## EXTRACTED DATA:
+++++
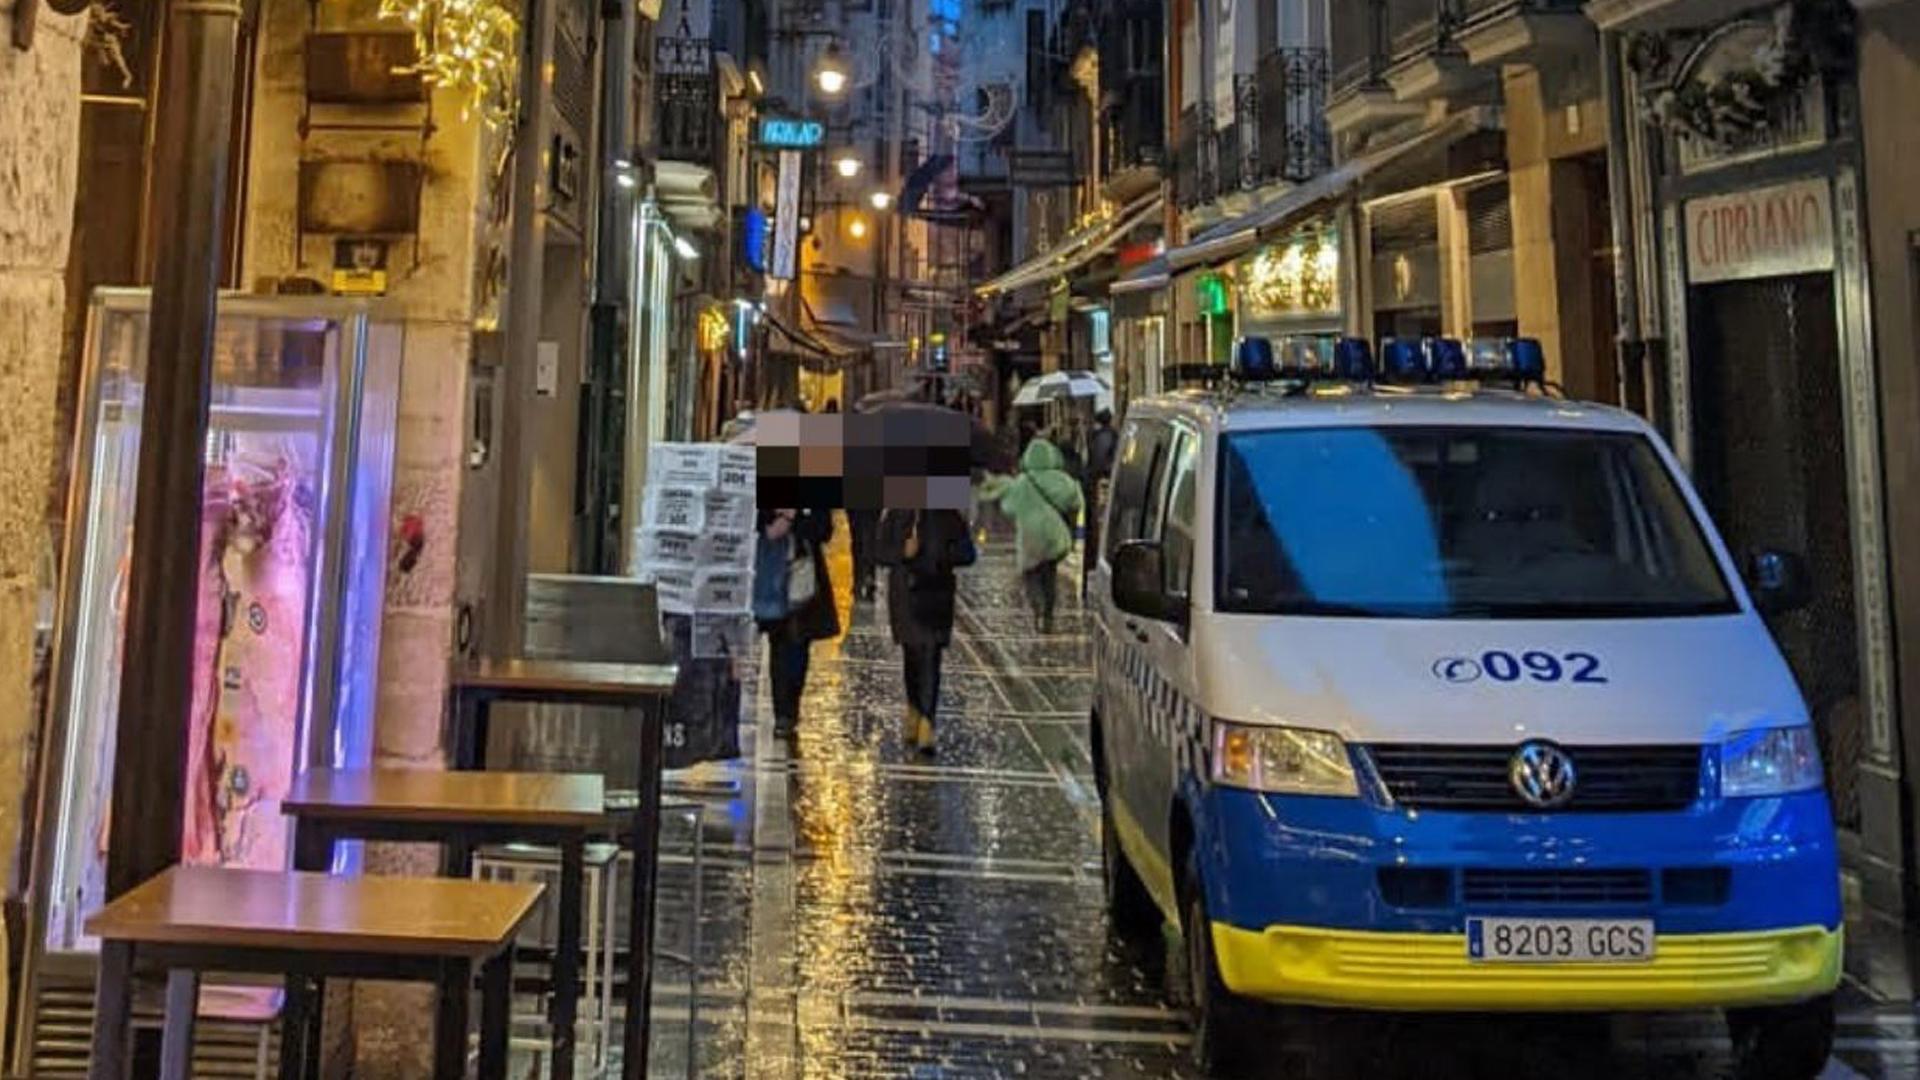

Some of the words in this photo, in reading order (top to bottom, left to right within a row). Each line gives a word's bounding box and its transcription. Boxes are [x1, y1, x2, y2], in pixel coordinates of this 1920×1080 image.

[1696, 193, 1822, 267] CIPRIANO
[1481, 650, 1609, 683] 092
[1494, 925, 1574, 956] 8203
[1588, 926, 1646, 956] GCS
+++++
## TASK STATEMENT:
Write the data out again word for word; leave the pictures behind.

## ANSWER SPACE:
Some of the words in this photo, in reading order (top to bottom, left to right within a row). Each line gives a word's bounding box and its transcription. Boxes are [x1, y1, x2, y2], in pixel coordinates of this 1920×1080 image.

[1696, 193, 1822, 267] CIPRIANO
[1481, 650, 1609, 683] 092
[1494, 925, 1574, 956] 8203
[1588, 926, 1646, 956] GCS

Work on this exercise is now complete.